(Listed records Opens)

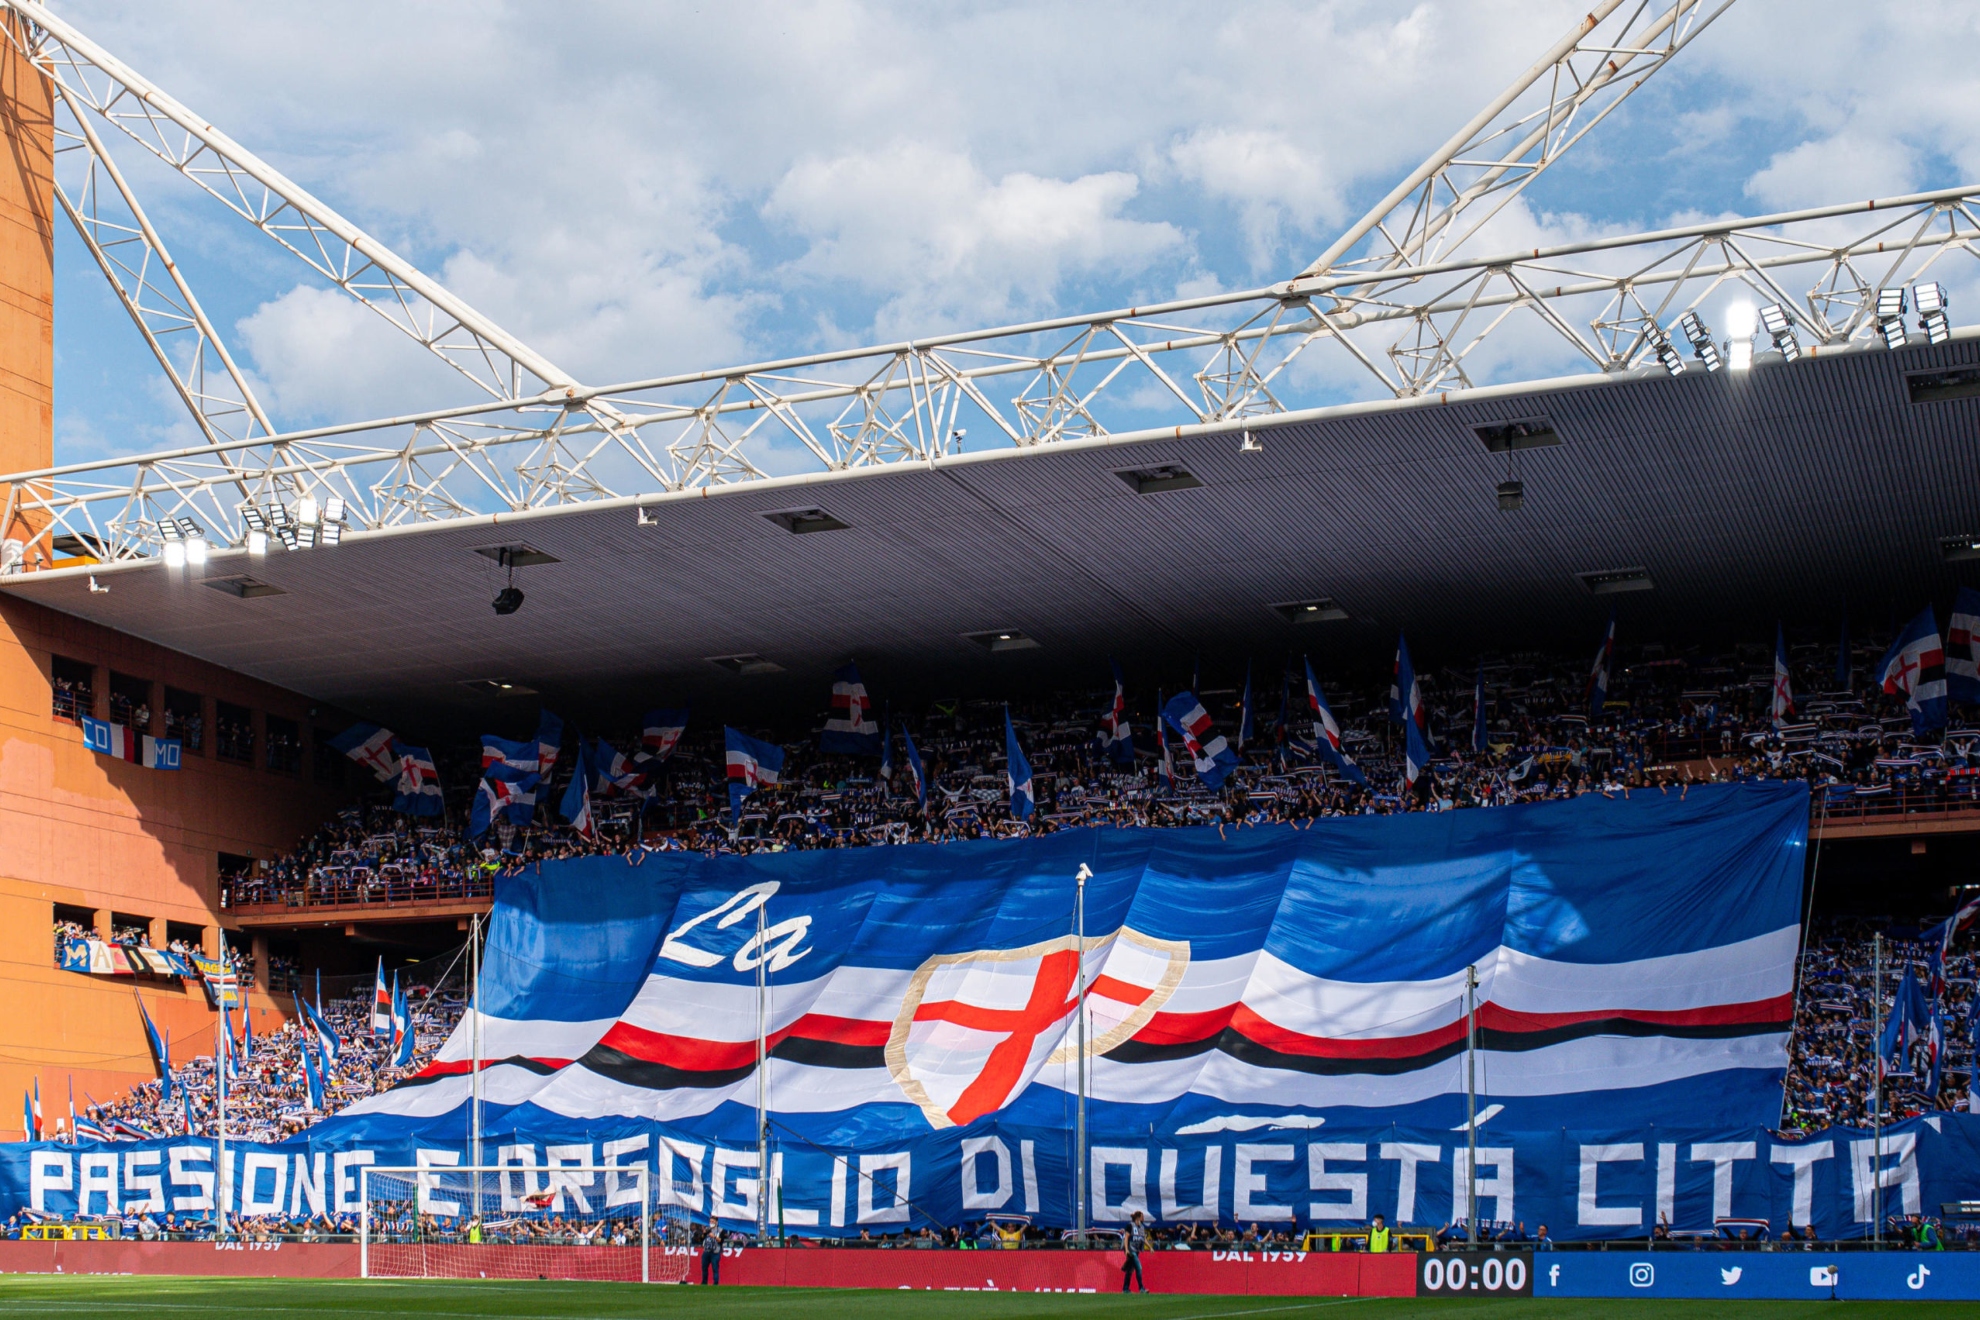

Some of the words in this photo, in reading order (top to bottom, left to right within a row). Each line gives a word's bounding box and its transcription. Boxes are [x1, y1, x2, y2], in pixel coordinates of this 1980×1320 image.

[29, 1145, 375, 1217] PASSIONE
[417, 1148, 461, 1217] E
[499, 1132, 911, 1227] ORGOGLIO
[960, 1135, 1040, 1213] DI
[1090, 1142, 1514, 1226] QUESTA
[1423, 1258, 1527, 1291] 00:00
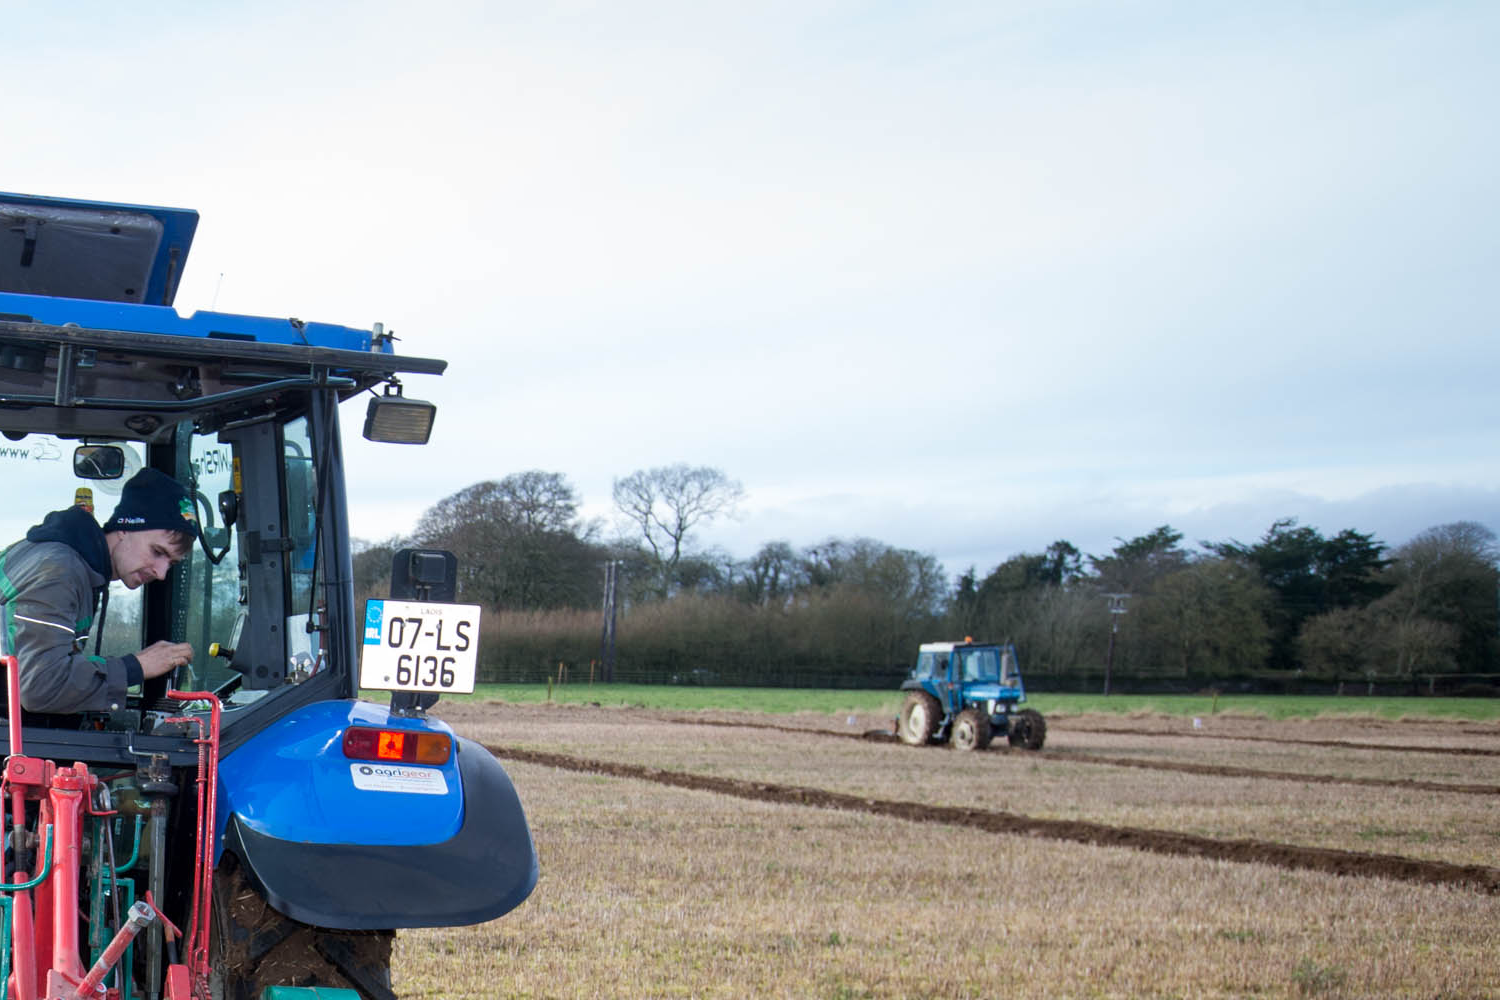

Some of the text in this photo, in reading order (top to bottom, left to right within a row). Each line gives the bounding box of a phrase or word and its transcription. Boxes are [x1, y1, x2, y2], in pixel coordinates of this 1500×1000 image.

(Listed records Closes)

**What is required**: What you return must match the records above exactly, minus any images.

**Solution to the problem**:
Some of the words in this photo, in reading order (top to bottom, left to right within a row). Each line gives a word's bounding box and its transcription. Boxes are [x1, y1, x2, y2], in pixel coordinates of this 1980×1320 image.

[29, 1145, 375, 1217] PASSIONE
[417, 1148, 461, 1217] E
[499, 1132, 911, 1227] ORGOGLIO
[960, 1135, 1040, 1213] DI
[1090, 1142, 1514, 1226] QUESTA
[1423, 1258, 1527, 1291] 00:00

Some of the text in this photo, in reading order (top to bottom, left to right within a row). Each line gives the bounding box of a phrase or word and its transcription. Boxes are [x1, y1, x2, y2], in pixel coordinates of this 1500×1000 image.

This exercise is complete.